Smash. Smash. Smash.
***
Double vision, so bad it made me nauseous.
“Take them off!” I demanded.
Dad leaned forward, removing the glasses from my face. My arms were still in the shackles, so I couldn’t do it for myself.
Hmm Dad is here. So is Mum.
OK, so it must be a family visitation day.
But Guy and Catrin are here as well. They are not family. And they live in Scotland. But Mum and Dad live in Merseyside.
Weird.
But first things first!
“I need new glasses! These ones hurt my eyes. This is supposed to be a hospital. Can’t somebody just go upstairs and get me some new ones?!”
Everyone looked away.
“Ok fine, let me try again.”
Nausea.
“Take them off!”
***
He’s one of the senior officers. I can tell, because the junior ones are arrayed in deference around him.
“Just let me out of the cage!”
“Paul, you are not in a cage.”
Yeah, right. If I wasn’t in a cage, how come I hadn’t left this room for… weeks? Months?
I thrashed in frustration.
Smash. Smash. Smash.
“OK he still needs more time. And we need to sort that dosage out. At least we know his shoulders work.”
***
It was Kenny who helped me understand.
A big, burley Glaswegian, but with a kindness in his voice and hands. He was a trainee, he told me, but almost qualified.
A man like this wasn’t the army type. And no, he confirmed, he couldn’t speak Japanese.
“Can you?”
“Er, no”
“Singapore? Nae lad, yer in Glasgae!”
And I knew Kenny wouldn’t lie. I just knew.
“I’m never going to climb again, am I Kenny?”
Kenny didn’t answer.
***
“The accident was very serious. Multiple traumas, with the worst, I’m afraid, being the damage to your neck.”
I still thought of him as the senior officer. Something to do with his no-bullshit style. Not that I had ever been near the army myself. Too busy studying, collecting degrees. A tenured position. An expansive life. Of both body and mind, split between libraries and mountains.
I nodded slightly, to show I was listening.
“But that’s actually kind of the good news. For the last couple of weeks, we’ve been really worried about your head. The MRI said you’d be okay, but your behaviour has been… erratic.”
I nodded.
“Anyway, we can talk more about this in the coming days. But I always think a straight approach is best.”
He paused.
“The damage to your spinal cord is very serious. We cannot say for several months yet what the final outcome will be. But you need to start preparing yourself. Those casts will come off your wrists in a few weeks. But you are tetraplegic. There is a high likelihood that you will have lost functionality in your hands.”
I swallowed.
“Okay, but, will I be able to walk?”
He paused.
“At this stage, nobody can say for certain. But almost certainly not.”

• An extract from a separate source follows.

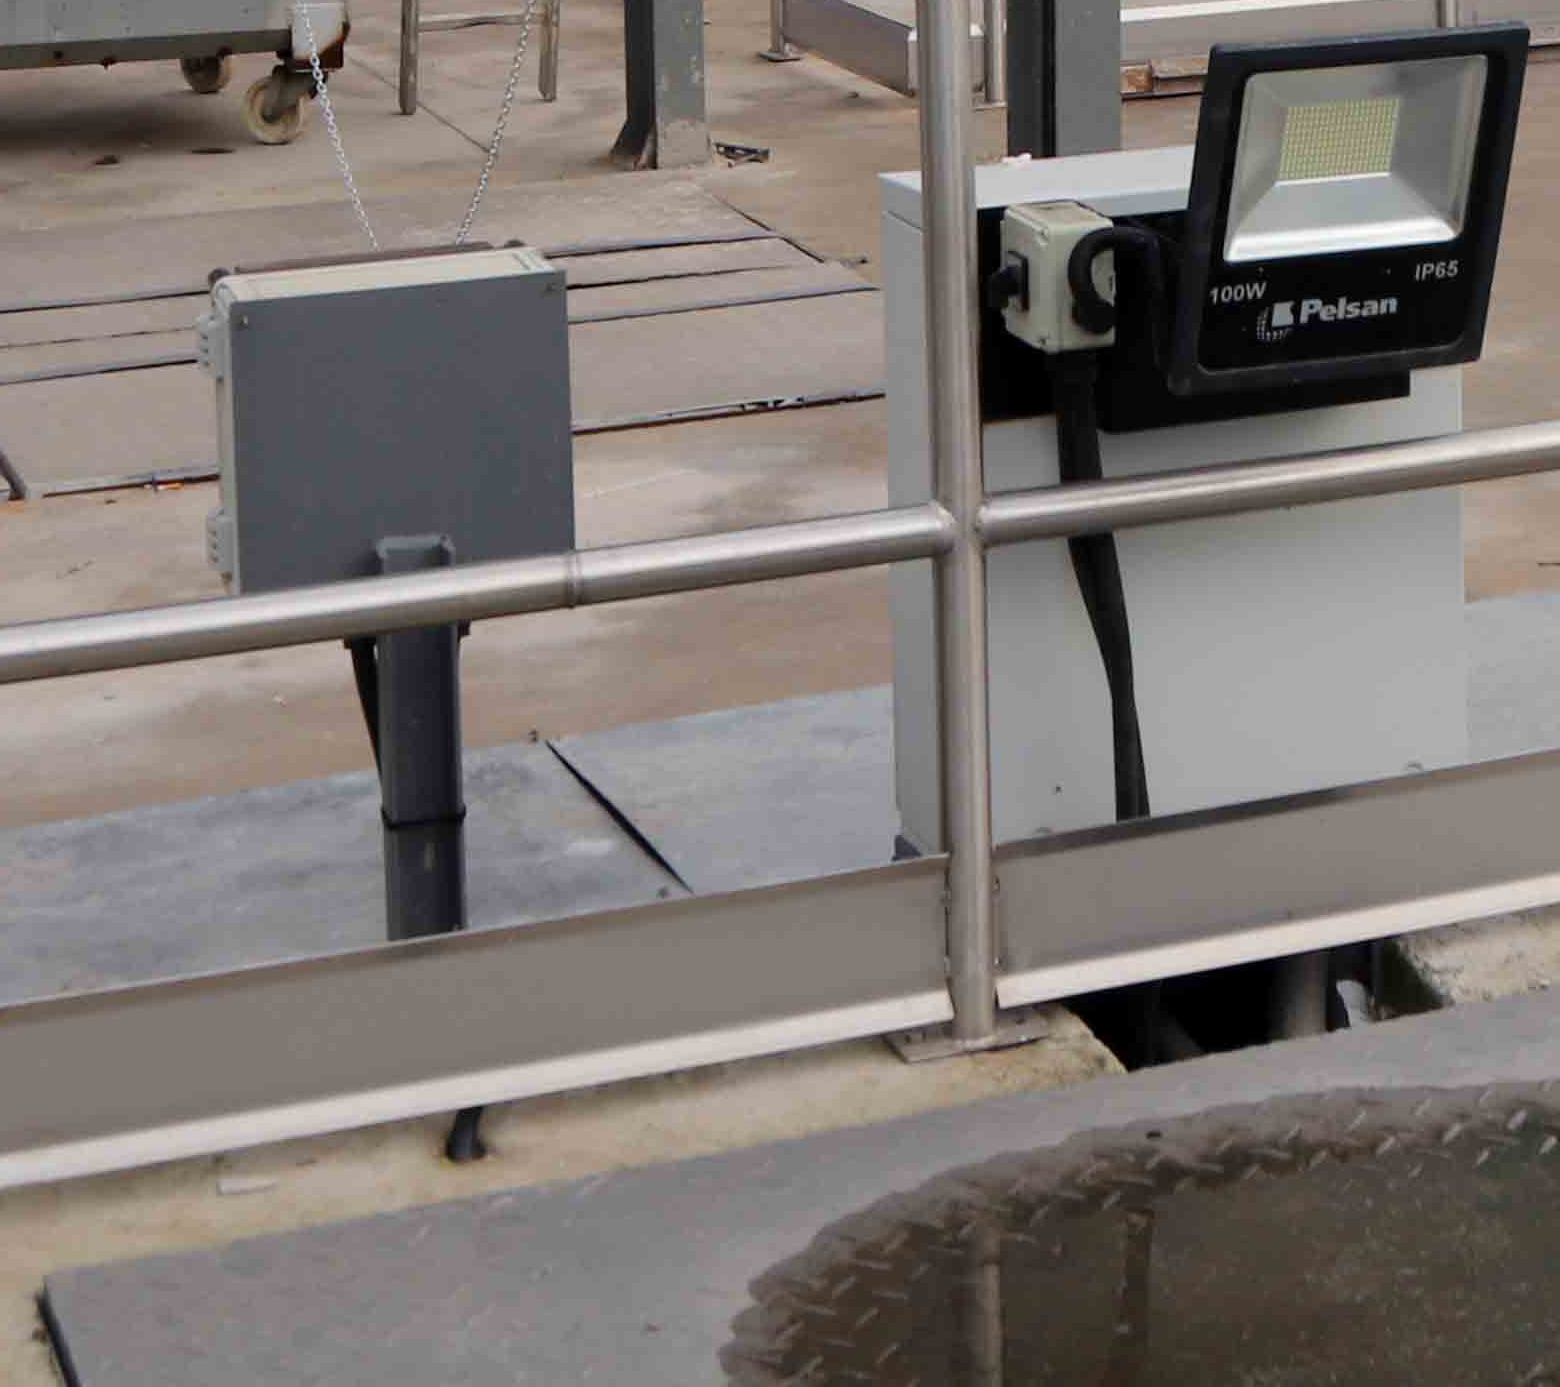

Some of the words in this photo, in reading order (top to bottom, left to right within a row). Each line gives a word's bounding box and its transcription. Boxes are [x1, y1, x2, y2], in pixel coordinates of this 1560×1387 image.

[1415, 259, 1459, 282] IP65
[1209, 281, 1267, 305] 100W
[1299, 296, 1399, 325] Pelsan

I looked away, stared at the wall.
“All this time, I thought I was in a cage. But it turns out, the cage was in me.”
Is what I didn’t say.
I didn’t say anything.
I just stared at the wall.
--
This is a true story. No ghosts required.



Bloody hell Paul, that's a fantastic piece of writing
This lovely and terrible piece of writing makes me think of my first hit of teenage angst. The delivery mechanism was the Smashing Pumpkins song "Bullet with Butterfly Wings", as played on my brother's stereo, of which I was only able to discern the chorus: "Despite all my rage I'm still just a rat in a cage".
At the time, it was quite the revelation that you didn't have to be upset at any particular thing. You could actually be upset at *gestures broadly* all of it at once. Though maybe you would not describe your own situation that way.